------ Data for this exercise

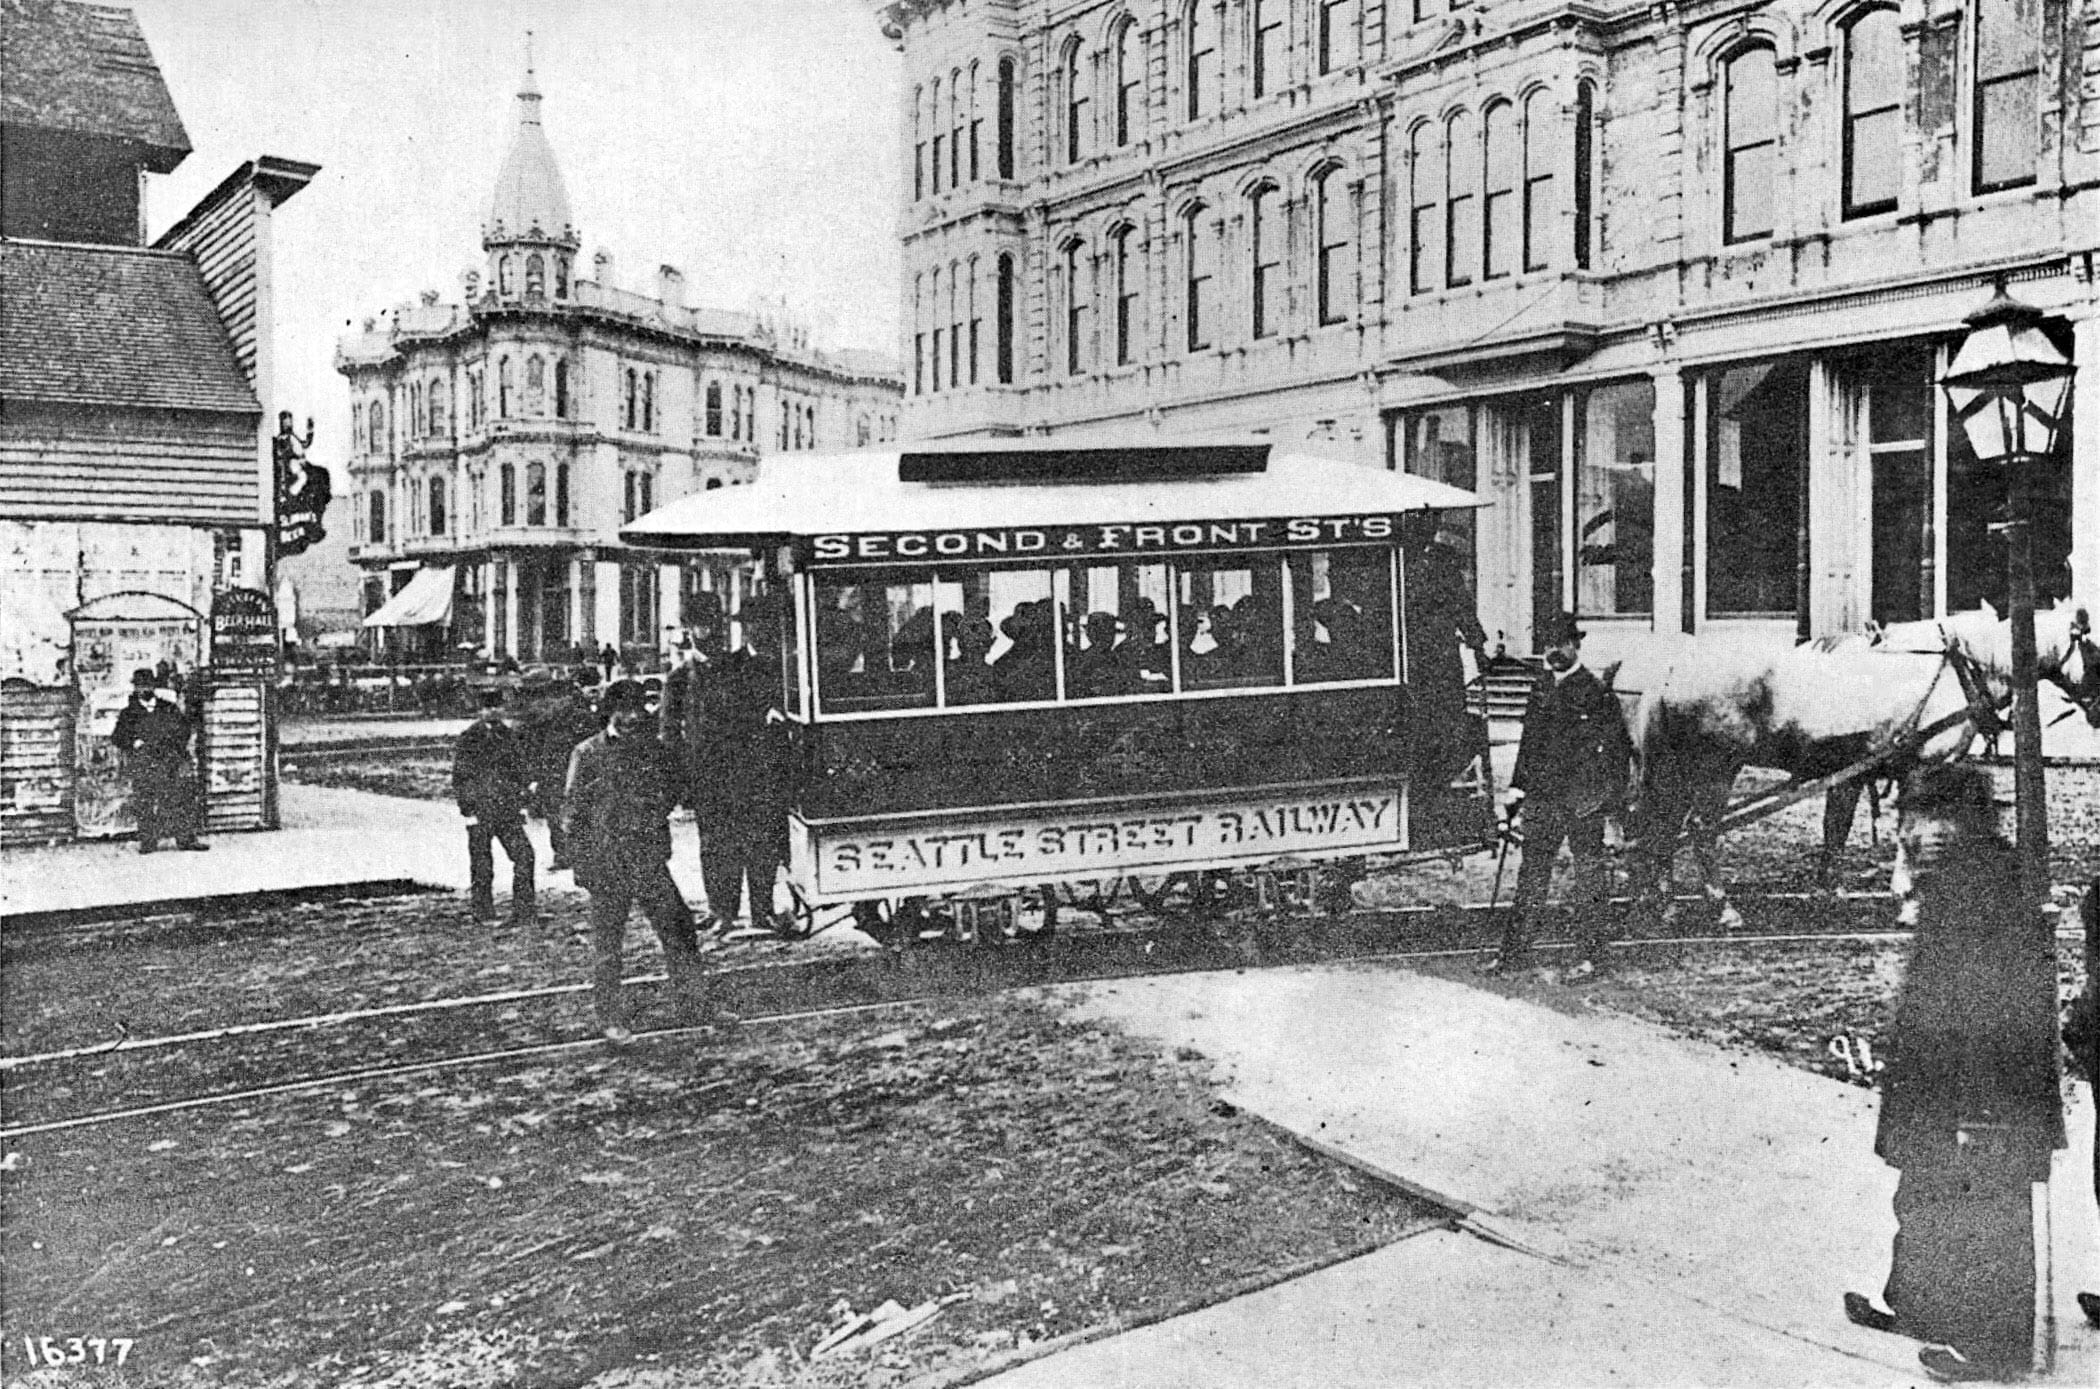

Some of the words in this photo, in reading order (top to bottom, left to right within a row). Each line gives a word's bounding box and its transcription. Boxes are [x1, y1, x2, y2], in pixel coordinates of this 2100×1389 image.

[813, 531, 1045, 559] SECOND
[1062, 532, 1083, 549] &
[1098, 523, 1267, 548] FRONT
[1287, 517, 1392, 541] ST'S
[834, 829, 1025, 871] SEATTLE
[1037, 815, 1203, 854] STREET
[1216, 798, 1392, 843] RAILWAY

------------

Each record above is to be restated exactly, with its pictures removed from the copy.

Some of the words in this photo, in reading order (top to bottom, left to right within a row). Each line gives a word's bounding box and its transcription. Boxes are [x1, y1, x2, y2], in pixel coordinates of this 2100×1389 image.

[813, 531, 1045, 559] SECOND
[1062, 532, 1083, 549] &
[1098, 523, 1267, 548] FRONT
[1287, 517, 1392, 541] ST'S
[834, 829, 1025, 871] SEATTLE
[1037, 815, 1203, 854] STREET
[1216, 798, 1392, 843] RAILWAY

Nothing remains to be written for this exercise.